As I do most mornings one the first emails I opened in the morning was the NRO Morning Jolt (which if you don’t receive you should).  Today’s Jolt was penned by Jack Fowler rather than the usual author Jim Geraghty who began with a tribute to William F. Buckley.`

As is our custom, the offices of National Review are closed the day following Thanksgiving. The turkey does make you groggy, after all. Never mind the hard cider.

But a day without a Jolt? Perish that thought. We’ll keep it short and sweet, but keep it we will — enjoy this classic piece by Bill Buckley on gratitude.

By the way, today would have been Bill’s 92nd birthday. My colleagues at NRO put together a terrific photo essay

I remember an honor William F. Buckley for a different reason than most conservatives. William F. Buckley, who was a very observant Catholic opened up the conservative movement to Jews, by kicking out the haters.
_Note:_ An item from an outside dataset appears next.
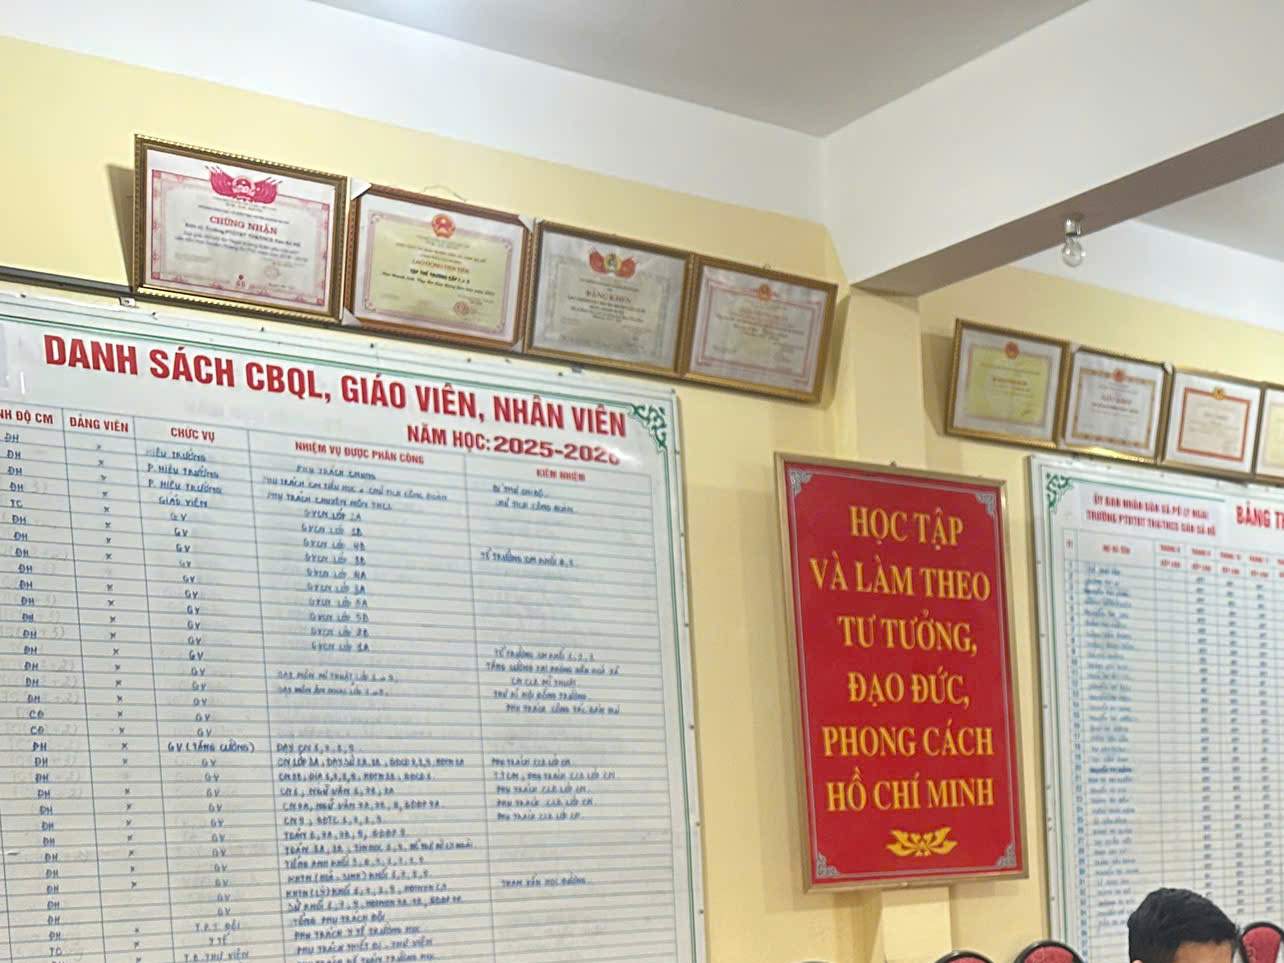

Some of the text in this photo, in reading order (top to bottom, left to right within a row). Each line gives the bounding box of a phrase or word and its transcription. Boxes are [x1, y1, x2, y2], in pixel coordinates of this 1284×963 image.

The December 1991 issue of  National Review was almost entirely devoted to an essay by Buckley called “In Search of Antisemitism” which he turned into a book a year later. But his efforts started well before that.

From its initial issue in 1955, the National Review became the bible of conservative thought, but it was also void of the Jew-hatred that was a big part of the conservative movement. Conservative favorites such as aviator Charles Lindbergh and Henry Ford were staunchly anti-Semitic, as were the post-war conservative anti-communist groups such as the John Birch Society and The Liberty Lobby. Buckley didn’t let those groups anywhere near his magazine, and publicly denounced the John Birch Society and its leader Robert W. Welch, Jr.

In his 1991 essay, William F. Buckley gave former National Review contributor and presidential candidate Pat Buchanan the label he deserved, anti-Semite.

During the run-up to the first Iraq war, Buchanan said:

 “There are only two groups that are beating the drums for war in the Middle East-the Israeli Defense Ministry and its amen corner in the United States,”

And who was that “amen corner?” Well according to Buchanan it was composed of people like A.M. Rosenthal, Charles Krauthammer, Henry Kissinger and Richard Perle, all Jews. In his essay, Buckley asked why Buchanan didn’t mention any of the famous Christian commentators who backed the war such as James J. Kilpatrick, George Will, Frank Gaffney and Alexander Haig? Buchanan also wrote that if the United States went to war, the fighting would be done by “kids with names like McAllister, Murphy, Gonzales, and Leroy Brown.”

Buchanan also wrote that if the United States went to war, the fighting would be done by “kids with names like McAllister, Murphy, Gonzales, and Leroy Brown.” Buckley, in his usual opaque writing style, argues that this amounts to charging Jews with starting a war they wouldn’t fight in a genuine slur against them. He adds: “I find it impossible to defend Pat Buchanan against the charge that what he did and said during the period under examination amounted to anti-Semitism, whatever it was that drove him to say and do it: most probably, an iconoclastic temperament.”

There is much more to say about Buchanan’s Antisemitism and Holocaust denial, you can read about it at this link.

During from the early 1970’s through the early 1990’s perhaps the leading conservative writer was Joseph Sobran senior editor of the National Review. In 1993, Buckley fired Sobran was fired for a series of columns that William F. Buckley, Jr. labeled anti-Semitic.

Not only was Buckley always a strong supporter of Israel, but he was a supporter of the freedom for Soviet Jews before many American Jews who were worried that support of the movement would lead to a conflict with the USSR. 

As early as 1959, Buckley was speaking out publicly against the persecution of Soviet Jews. While his agitation on the issue arose from an overarching disdain of “Godless Communism,” as the mid-century phrase went, it put him on the barricades “long before anyone was really aware there was a problem and it became a politically beneficial position to take,” said Gal Beckerman, the author of Let My People Go, a forthcoming history of the movement to liberate Soviet Jewry.

In the end, William F. Buckley lead the effort to show America that conservative policies will save the country (helping to elect Ronald Reagan). But he went way beyond that. Yes, he went against the anti-Semites in the conservative movement and threw them out. But even more than that, Buckley was an intellectual, therefore the inference was that not only was Jew-hatred bad…but it was stupid.

Through his efforts and attacks on the conservative haters in this country, Buckley pushed Antisemitism to the fringes of American politics where it lived for years until it joined the Democratic Party of Barack Obama, Al Sharpton, Keith Ellison and groups like Ploughshares, Center For American Progress, and Media Matters.

William F. Buckley would have been 92 today. Many will justifiably celebrate him as one of the drivers of conservatism in America. I will always remember him as a man who fought Antisemitism, promoted Israel and fought for the oppressed Soviet Jews.